-- Exercise data follows --

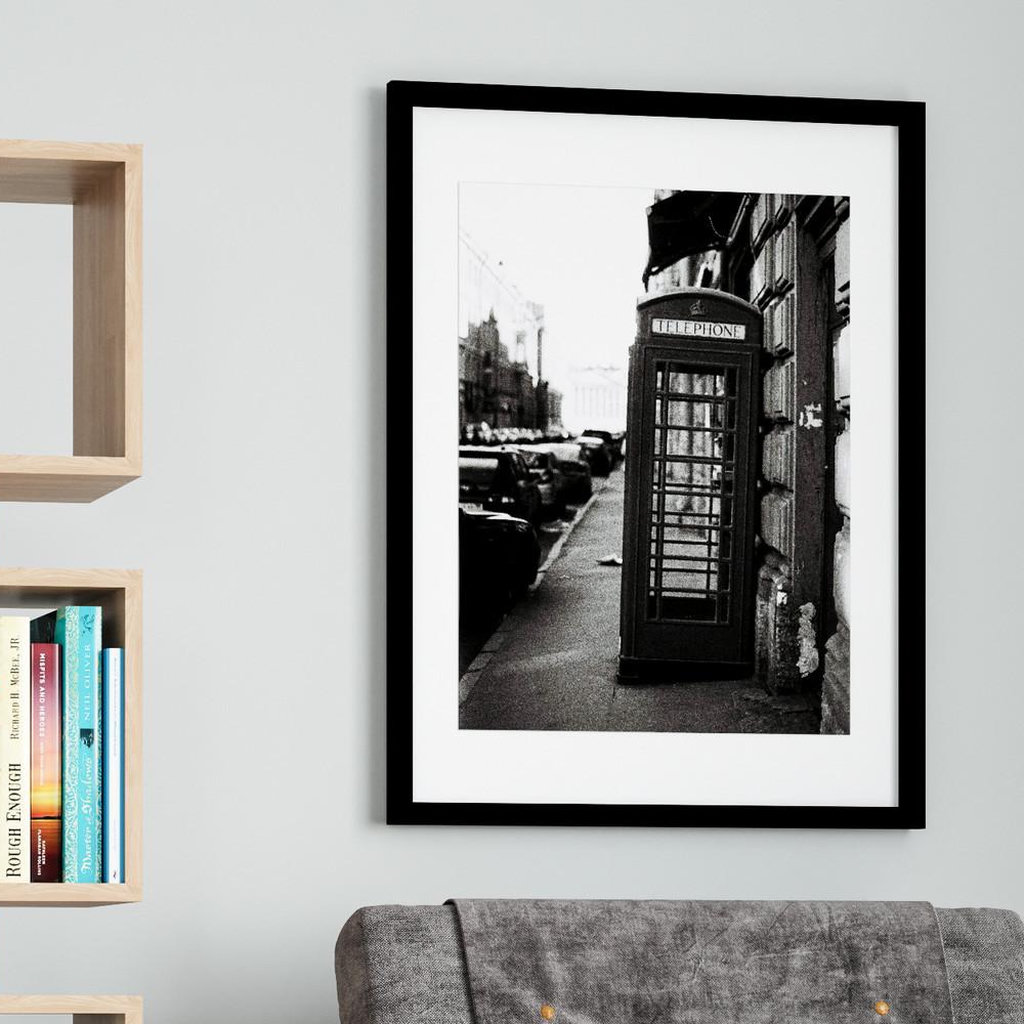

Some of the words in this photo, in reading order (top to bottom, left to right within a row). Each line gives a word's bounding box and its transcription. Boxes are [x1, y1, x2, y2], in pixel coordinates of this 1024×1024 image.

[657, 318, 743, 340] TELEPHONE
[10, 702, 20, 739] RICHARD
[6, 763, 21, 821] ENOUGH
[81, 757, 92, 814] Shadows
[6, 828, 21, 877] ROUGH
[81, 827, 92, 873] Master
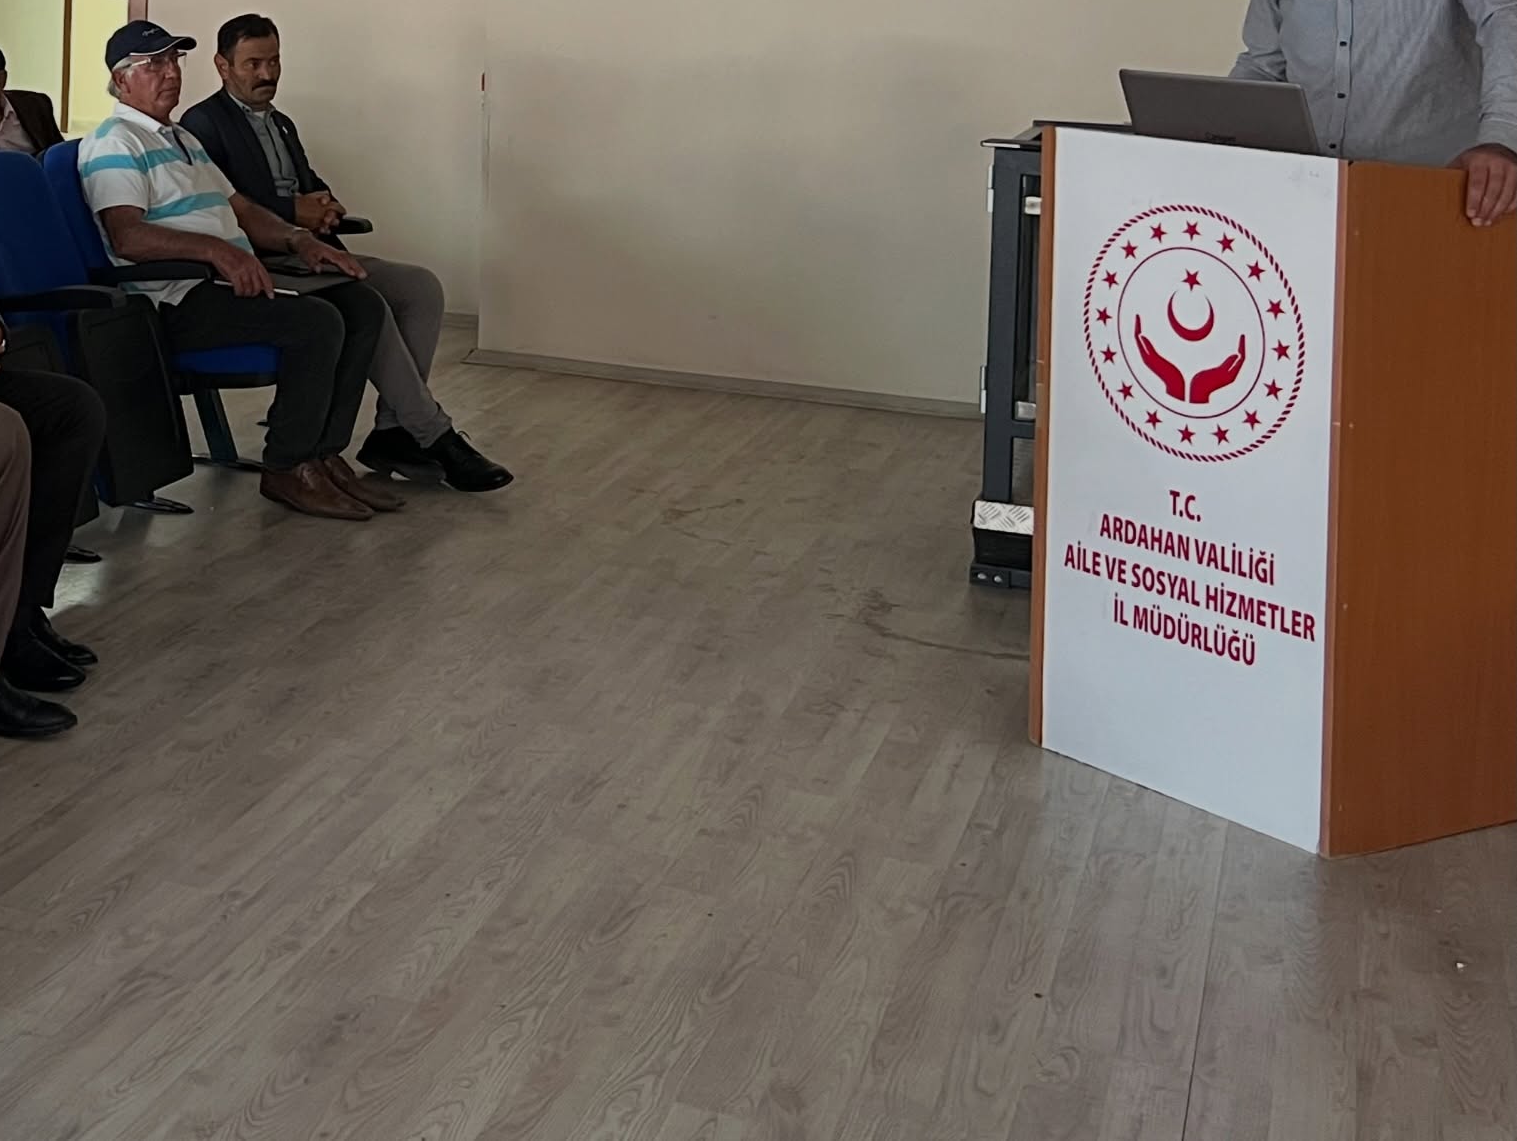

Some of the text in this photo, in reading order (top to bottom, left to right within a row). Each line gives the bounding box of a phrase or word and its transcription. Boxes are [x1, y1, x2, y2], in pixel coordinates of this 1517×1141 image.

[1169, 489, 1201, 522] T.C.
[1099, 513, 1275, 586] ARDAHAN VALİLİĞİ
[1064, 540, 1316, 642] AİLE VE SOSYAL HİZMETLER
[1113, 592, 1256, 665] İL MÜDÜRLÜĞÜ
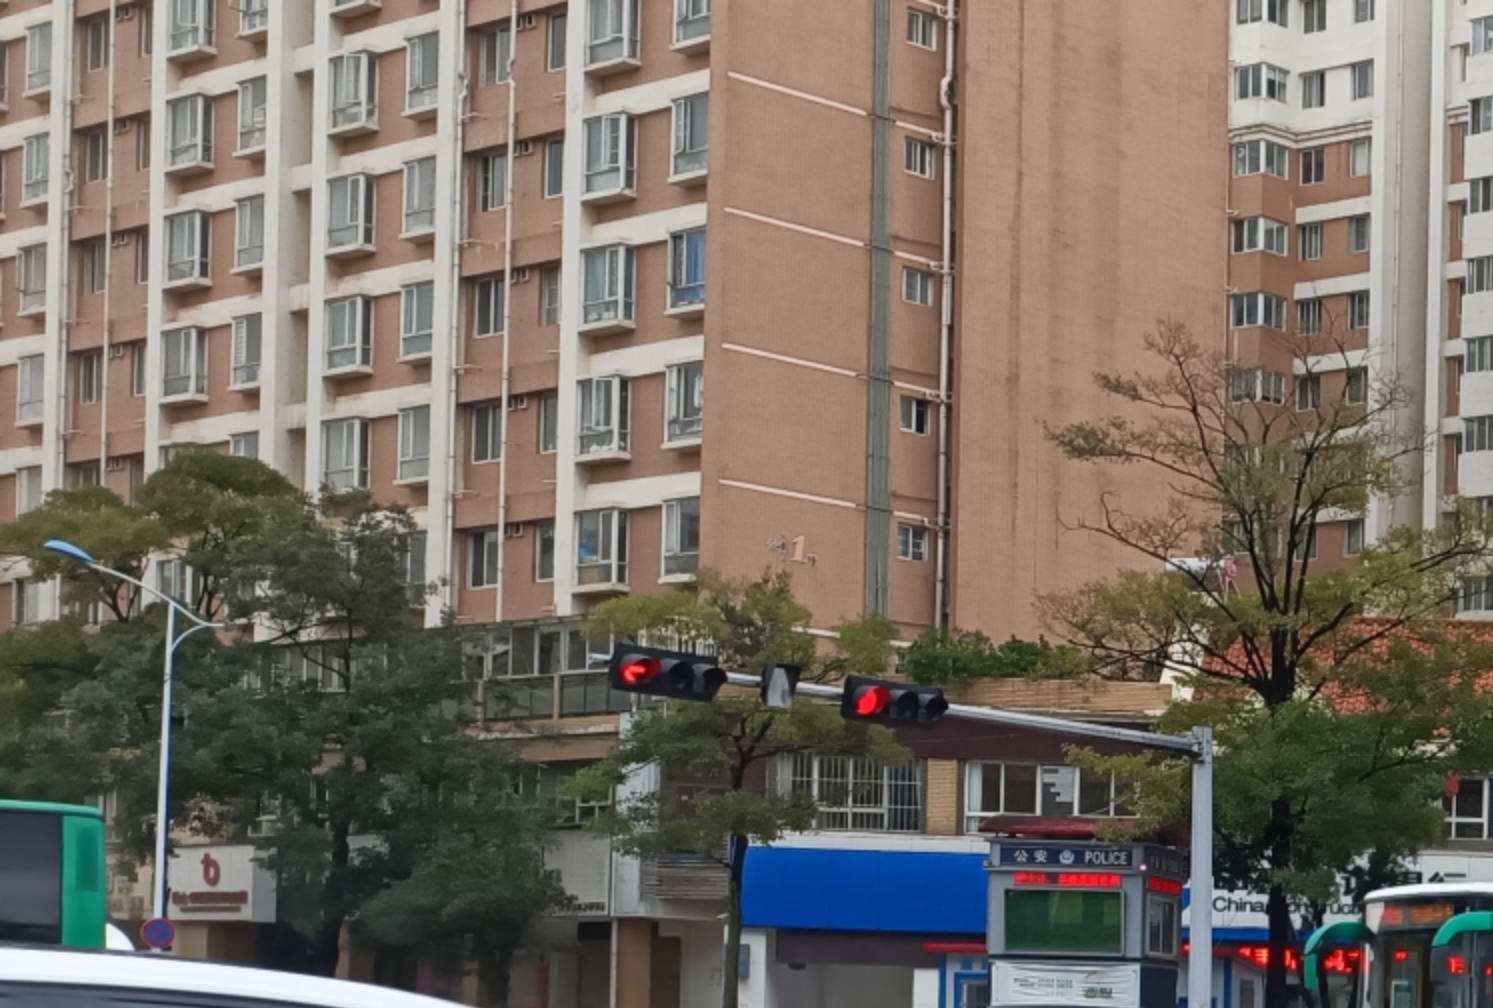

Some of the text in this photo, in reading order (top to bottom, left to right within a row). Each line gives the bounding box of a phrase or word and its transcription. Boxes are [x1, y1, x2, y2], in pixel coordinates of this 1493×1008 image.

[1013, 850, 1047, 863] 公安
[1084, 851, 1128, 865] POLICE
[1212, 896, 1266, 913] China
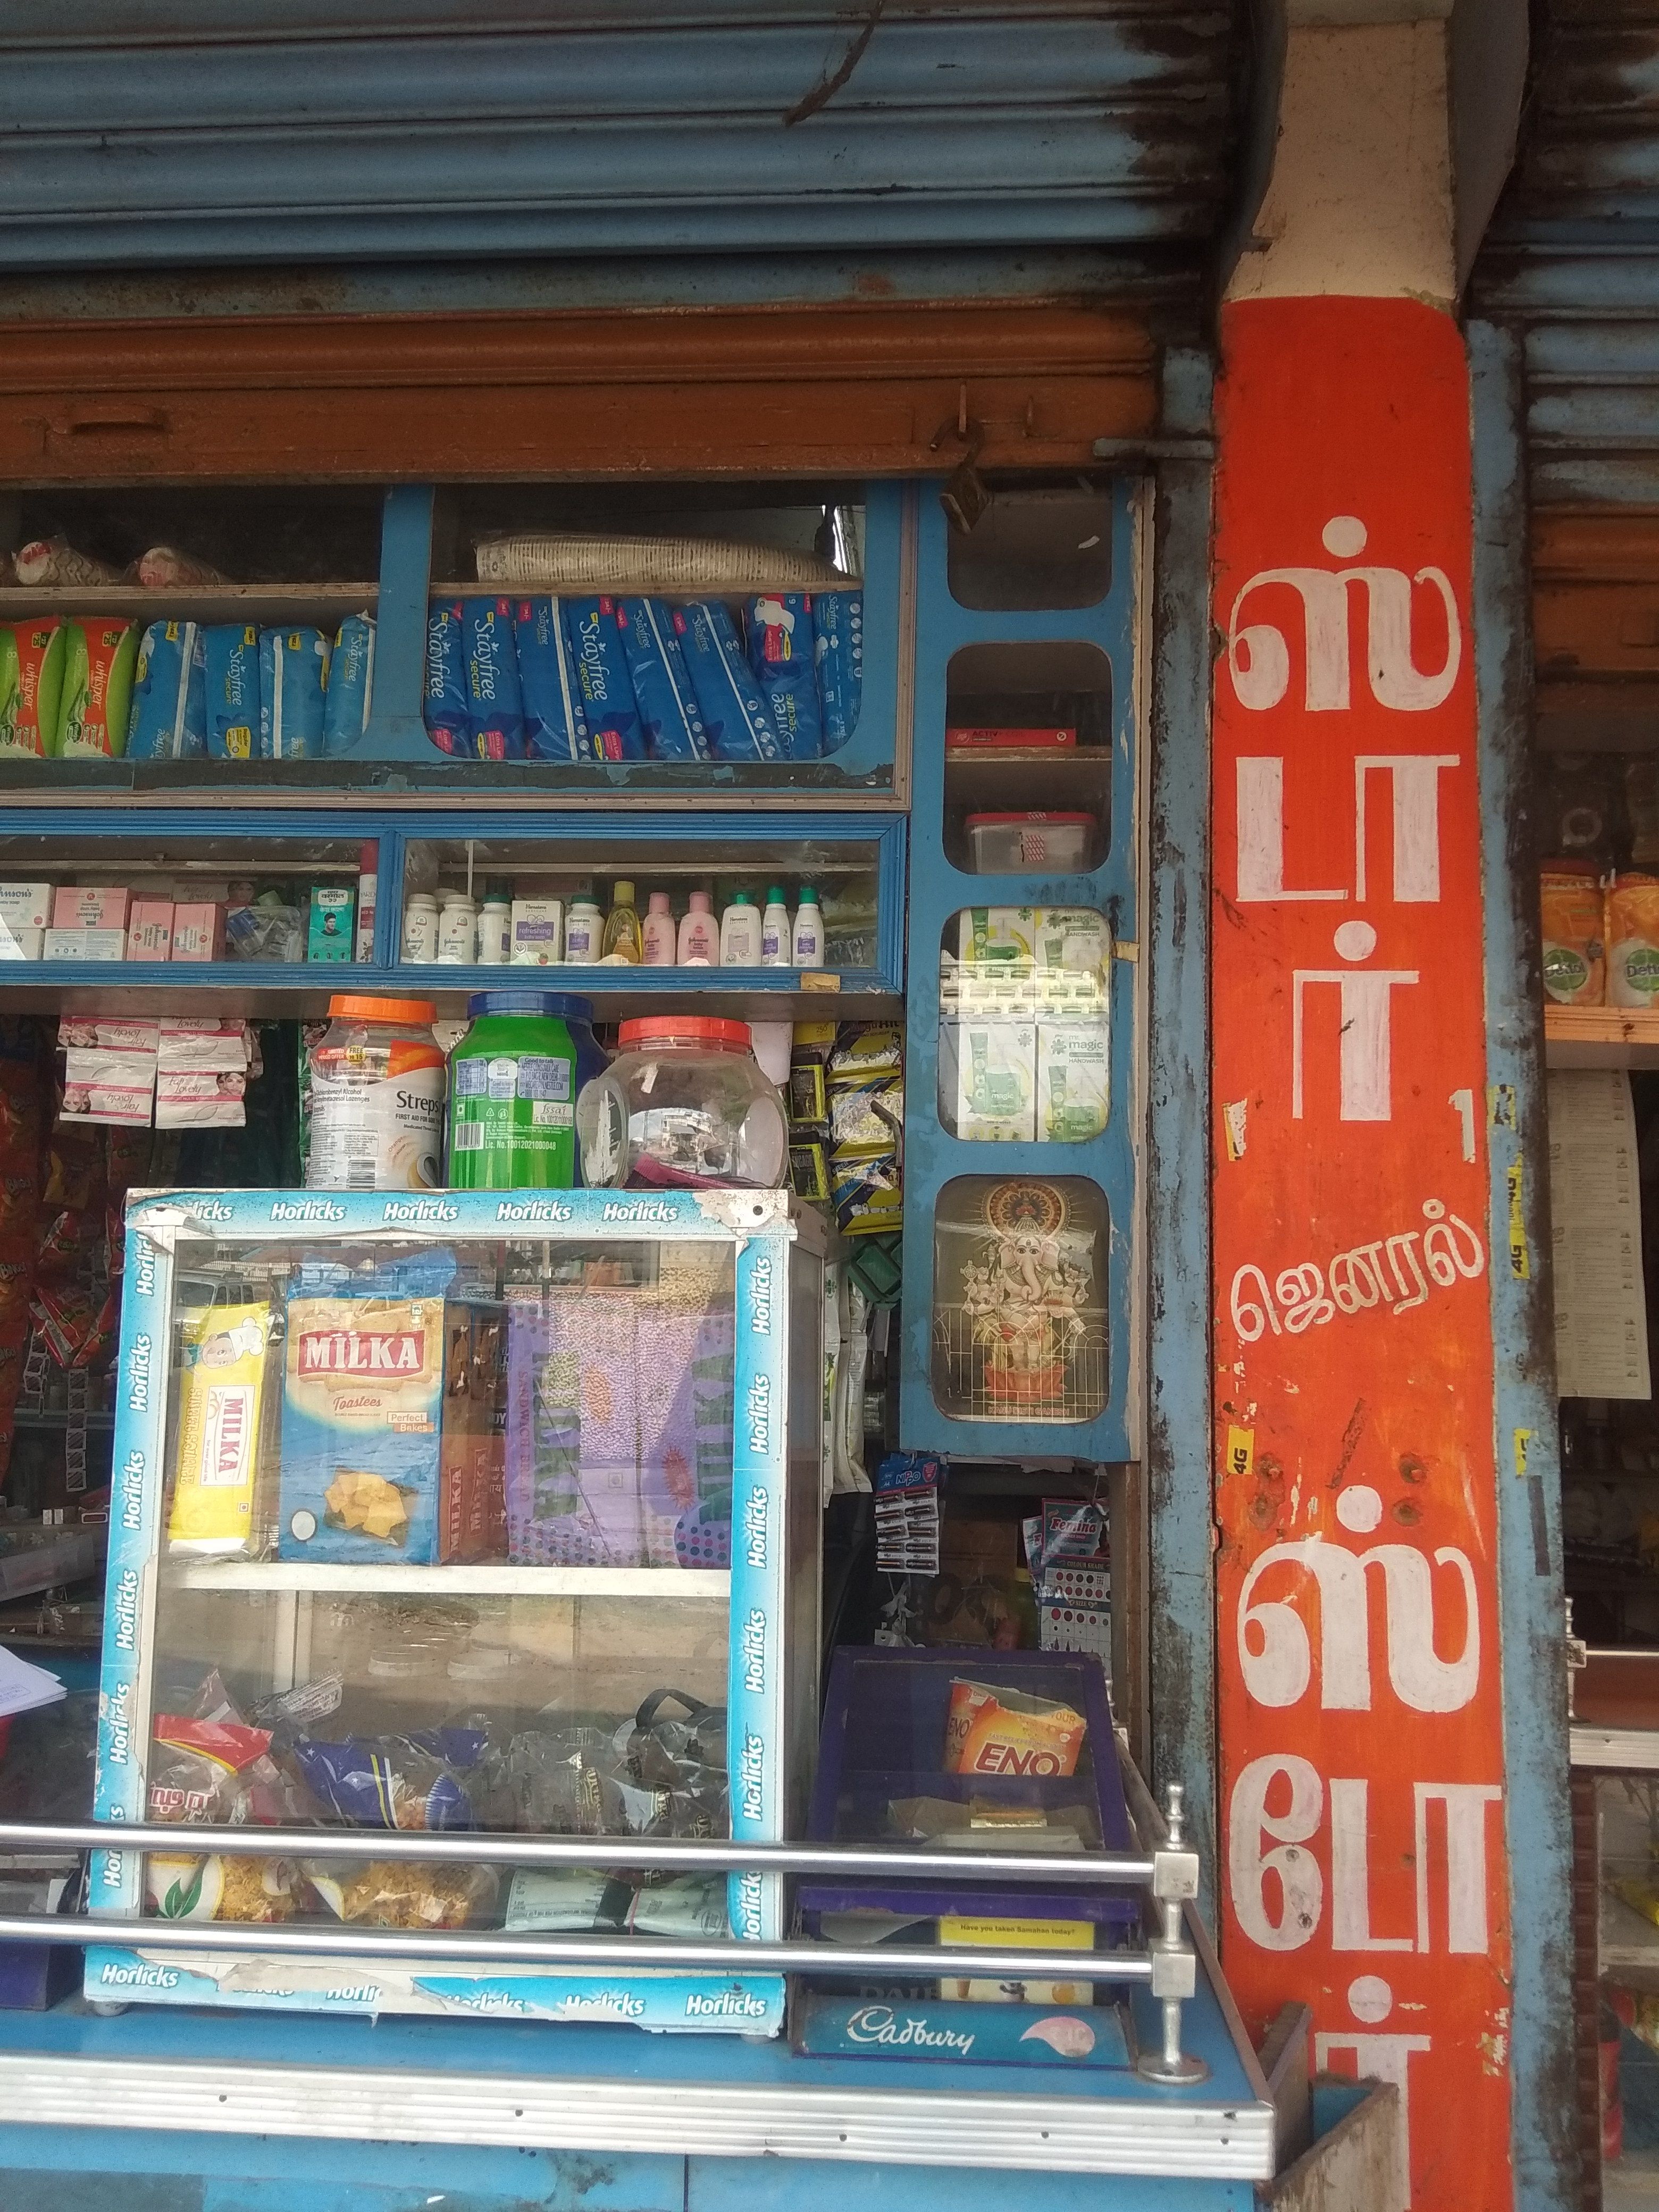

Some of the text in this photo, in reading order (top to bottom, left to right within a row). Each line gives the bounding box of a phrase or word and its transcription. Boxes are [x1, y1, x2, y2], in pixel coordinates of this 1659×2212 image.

-- Exercise data concluded --

Task description »
When copying the entries above, keep each word as it is and exclude any image.

Solution »
Some of the words in this photo, in reading order (top to bottom, left to right within a row). Each line gives a word's bounding box and its transcription. Boxes are [x1, y1, x2, y2], in pixel coordinates of this 1024×1024 image.

[657, 318, 743, 340] TELEPHONE
[10, 702, 20, 739] RICHARD
[6, 763, 21, 821] ENOUGH
[81, 757, 92, 814] Shadows
[6, 828, 21, 877] ROUGH
[81, 827, 92, 873] Master

Some of the text in this photo, in reading order (top to bottom, left to right within a row). Each line gives the bounding box of a phrase or word and its transcription. Boxes are [x1, y1, x2, y2], in pixel coordinates of this 1517×1141 image.

[1169, 489, 1201, 522] T.C.
[1099, 513, 1275, 586] ARDAHAN VALİLİĞİ
[1064, 540, 1316, 642] AİLE VE SOSYAL HİZMETLER
[1113, 592, 1256, 665] İL MÜDÜRLÜĞÜ

Some of the text in this photo, in reading order (top to bottom, left to right within a row). Each line gives the bounding box of a phrase or word and its transcription. Boxes are [x1, y1, x2, y2], in pixel coordinates of this 1493×1008 image.

[1013, 850, 1047, 863] 公安
[1084, 851, 1128, 865] POLICE
[1212, 896, 1266, 913] China

Some of the text in this photo, in reading order (top to bottom, left to right within a row). Each line gives the bounding box of a phrase or word and its transcription. Boxes are [x1, y1, x2, y2], in pixel coordinates of this 1659×2212 image.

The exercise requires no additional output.